Collected data:
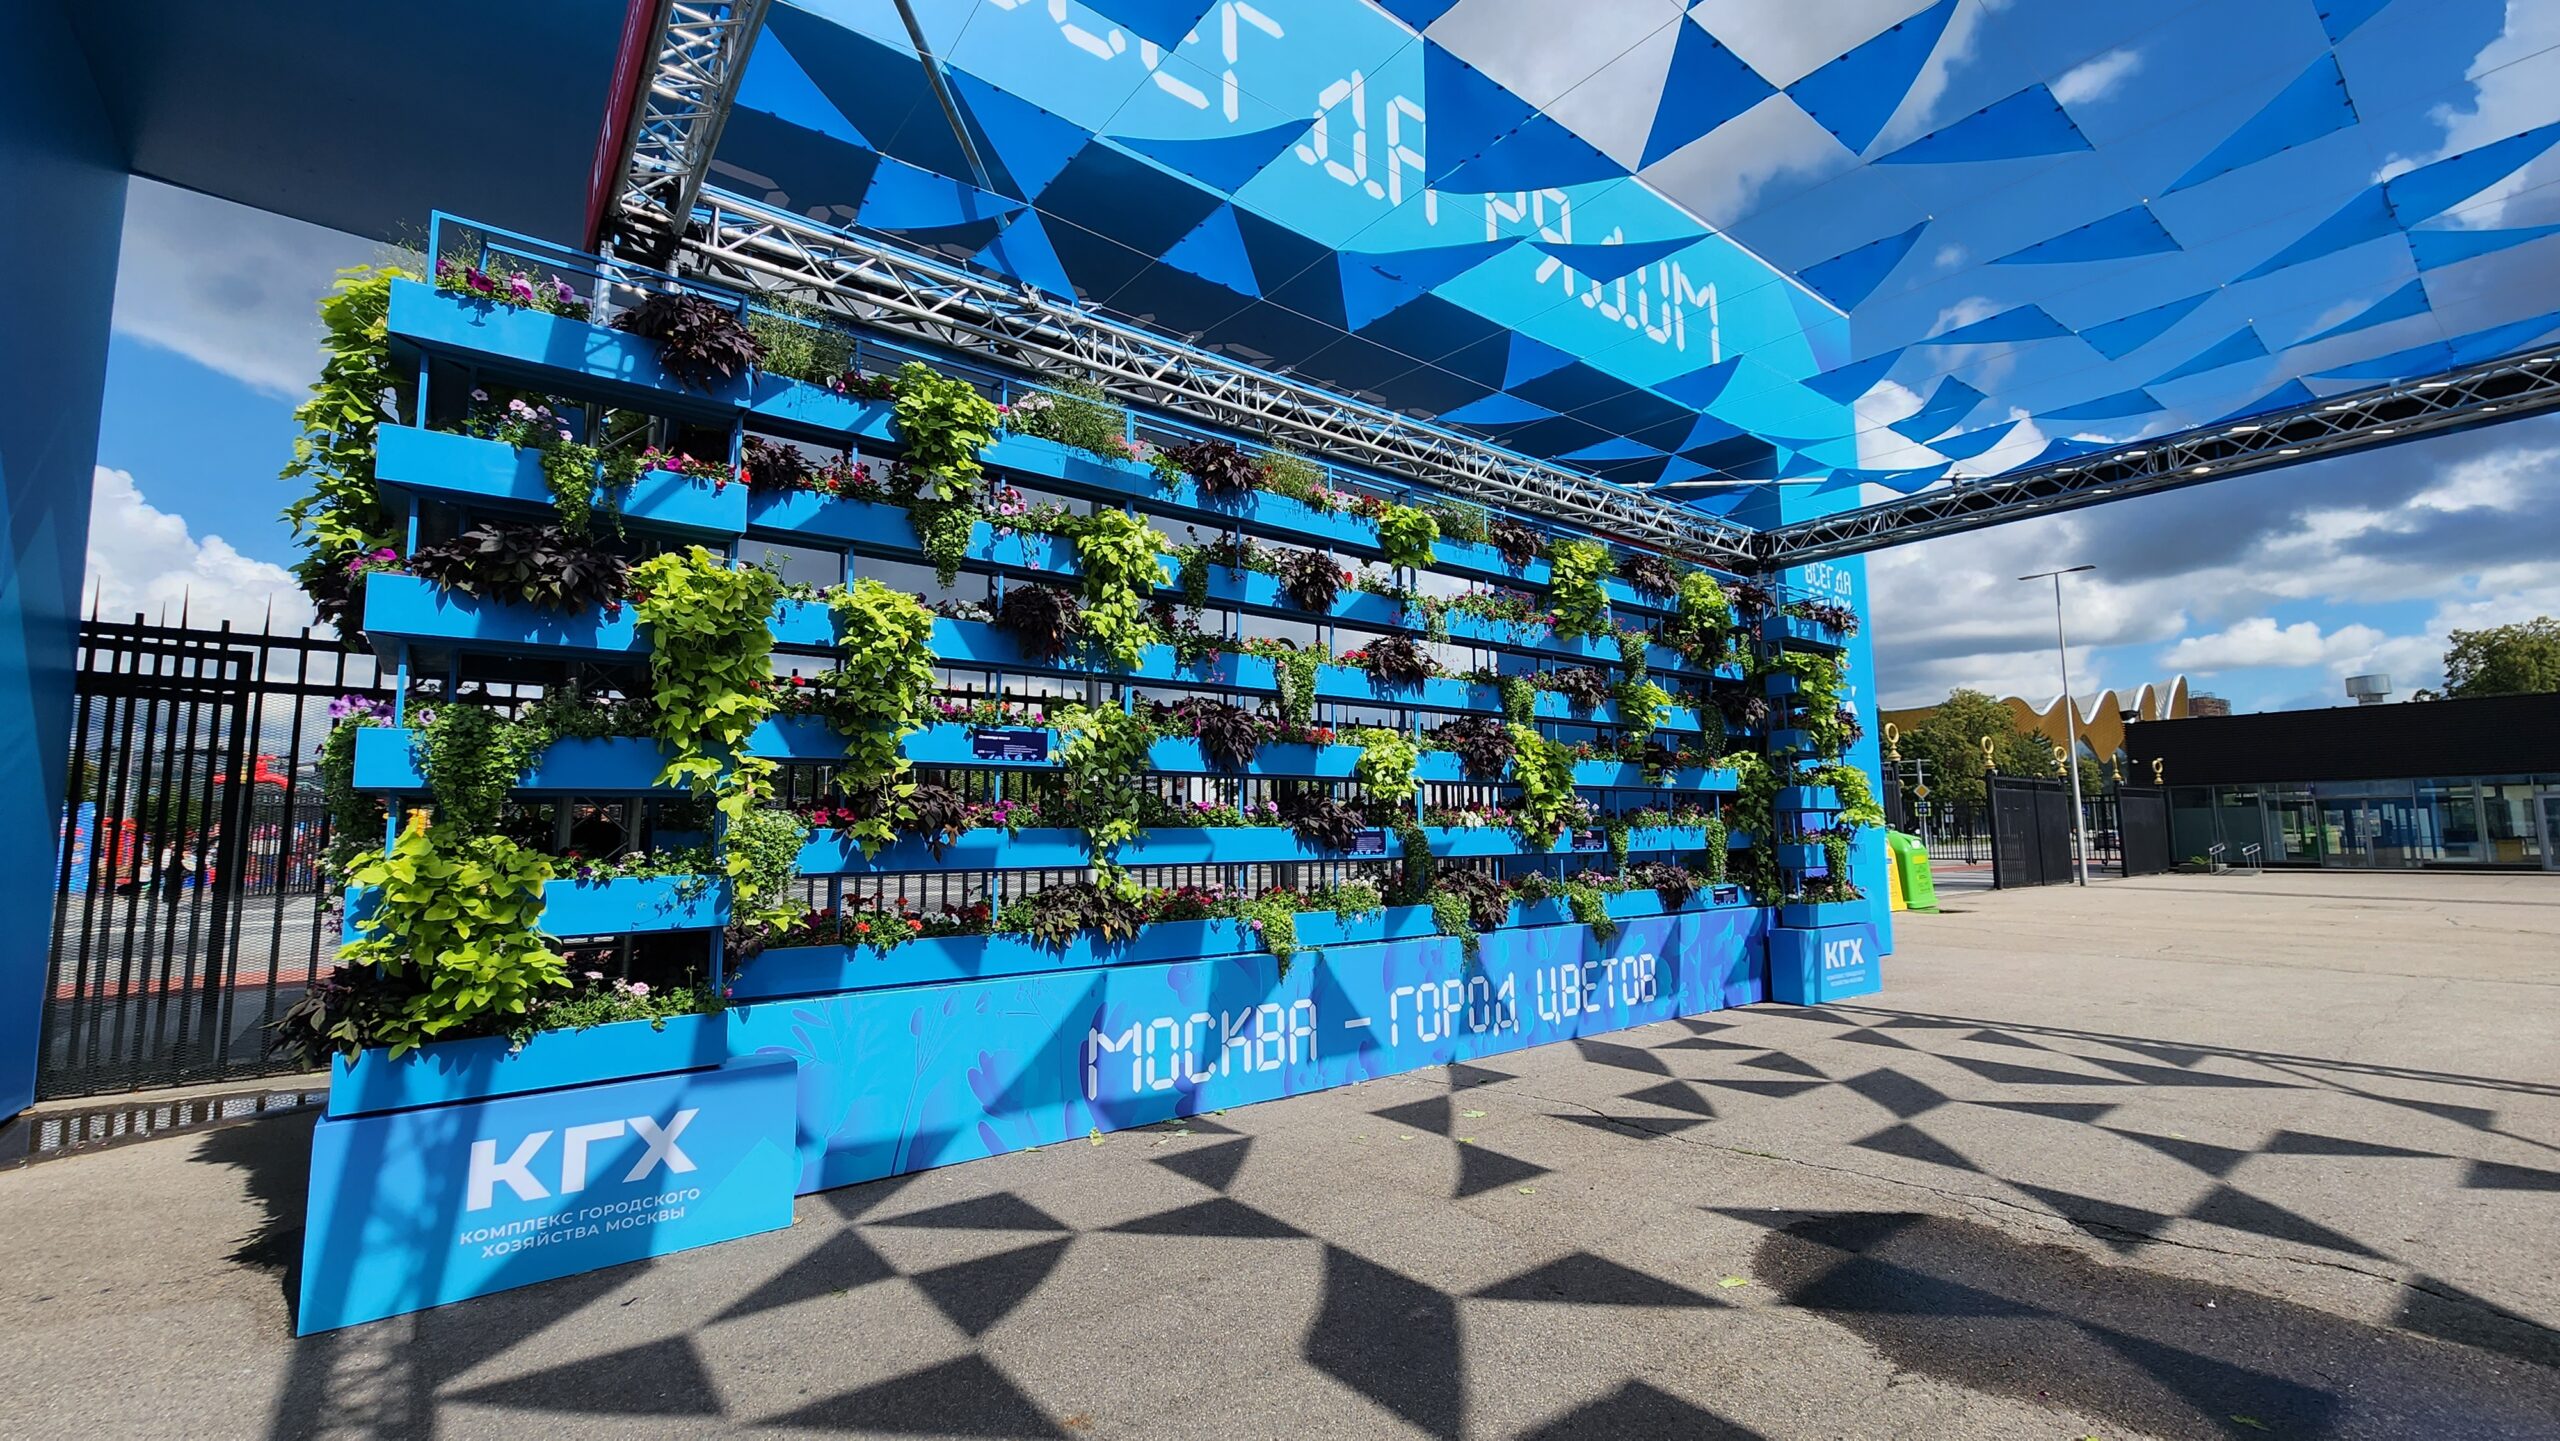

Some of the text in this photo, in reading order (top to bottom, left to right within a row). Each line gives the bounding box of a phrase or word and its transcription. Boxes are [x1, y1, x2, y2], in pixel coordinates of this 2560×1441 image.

[1825, 938, 1864, 969] КГХ
[1088, 998, 1318, 1100] МОСКВА
[1390, 970, 1519, 1048] ГОРОД
[1536, 953, 1658, 1026] ЦВЕТОВ
[467, 1108, 700, 1212] КГХ
[460, 1188, 701, 1245] КОМПЛЕКС ГОРОДСКОГО
[480, 1206, 687, 1259] ХОЗЯЙСТВА МОСКВЫ

TASK BRIEF: In your copy of the entries above, keep the text exact and leave out the pictures.

WRITTEN RESPONSE:
Some of the text in this photo, in reading order (top to bottom, left to right within a row). Each line gives the bounding box of a phrase or word and its transcription. Boxes are [x1, y1, x2, y2], in pixel coordinates of this 2560×1441 image.

[1825, 938, 1864, 969] КГХ
[1088, 998, 1318, 1100] МОСКВА
[1390, 970, 1519, 1048] ГОРОД
[1536, 953, 1658, 1026] ЦВЕТОВ
[467, 1108, 700, 1212] КГХ
[460, 1188, 701, 1245] КОМПЛЕКС ГОРОДСКОГО
[480, 1206, 687, 1259] ХОЗЯЙСТВА МОСКВЫ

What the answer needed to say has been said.